Assessing electronic clinical quality measures (CQMs) based on an electronic health record system's functionalities can help pinpoint how to improve EHR design and determine how to best help physician practices better patient care, according to a study published this month in eGEMS (Generating Evidence and Methods to Improve Patient Outcomes).
The researchers, from the New York Department of Health and Mental Hygiene, hypothesized that the performance on each of the CQMs would differ according to the practice's EHR functionalities. They created four CQMs: screening, assessment, control-BP and control-other. Using data from 93 practices, they identified three tertiles of CQM performance for each measure.
They found that over a one-year period (2010-2011) performance in the measures improved over time for all CQMs, but that performance differed significantly. Low-tier practices showed the highest gains in improvement, while average-tier practices had modest gains and premier-tier practices had gains in some measures and losses in others.
CQMs are a major component of the Meaningful Use program as well as ancillary uses, such as population health. However, they can be made more reliable. EHR design can have a big impact on how well a practice uses its EHR and how its care measures up.

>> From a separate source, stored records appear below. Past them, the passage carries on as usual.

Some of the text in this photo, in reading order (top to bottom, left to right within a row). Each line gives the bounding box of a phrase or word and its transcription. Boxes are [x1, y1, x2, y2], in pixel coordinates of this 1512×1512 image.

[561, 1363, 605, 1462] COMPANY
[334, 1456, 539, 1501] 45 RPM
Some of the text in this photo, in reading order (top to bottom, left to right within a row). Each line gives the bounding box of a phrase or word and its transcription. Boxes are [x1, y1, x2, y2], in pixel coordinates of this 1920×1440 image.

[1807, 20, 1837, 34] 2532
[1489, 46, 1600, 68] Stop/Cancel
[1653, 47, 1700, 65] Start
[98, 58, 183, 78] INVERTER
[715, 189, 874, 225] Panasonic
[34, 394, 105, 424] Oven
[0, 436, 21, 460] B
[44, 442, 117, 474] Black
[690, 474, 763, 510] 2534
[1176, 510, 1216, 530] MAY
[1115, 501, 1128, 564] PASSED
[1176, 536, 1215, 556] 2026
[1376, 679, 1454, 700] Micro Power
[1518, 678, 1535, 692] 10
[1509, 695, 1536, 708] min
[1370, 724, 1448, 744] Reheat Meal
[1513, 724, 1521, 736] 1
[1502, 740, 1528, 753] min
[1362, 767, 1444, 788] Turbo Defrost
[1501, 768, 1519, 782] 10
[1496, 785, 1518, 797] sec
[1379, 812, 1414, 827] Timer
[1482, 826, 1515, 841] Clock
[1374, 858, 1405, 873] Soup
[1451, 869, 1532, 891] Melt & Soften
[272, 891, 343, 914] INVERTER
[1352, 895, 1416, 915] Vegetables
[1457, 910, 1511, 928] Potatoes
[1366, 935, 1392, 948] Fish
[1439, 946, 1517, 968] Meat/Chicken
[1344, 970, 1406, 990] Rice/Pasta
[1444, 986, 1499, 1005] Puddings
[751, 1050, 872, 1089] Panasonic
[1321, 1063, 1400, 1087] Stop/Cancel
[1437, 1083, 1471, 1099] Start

The researchers suggested that practices need support and assistance with workflow adjustments tailored to which tier they were in. They also recommended that users and vendors collaborate to improve EHR design to improve data capture for CQMs.
"[P]ractices are capable of quality improvement and that targeted technical assistance can further improve performance by addressing and overcoming specific barriers to EHR implementation and use," the researchers wrote. "As providers strive to attain the Meaningful Use stages, performance on EHR-based quality measures and relevant technical assistance will gain prominence. This analysis presents a viable approach to improving performance on EHR-based quality measures, particularly for small primary care practices in urban settings."
They also noted that it will take time for practices to overcome "obstacles" to EHR implementation and before EHR-based quality data "can be used to draw valid conclusions about the quality of care."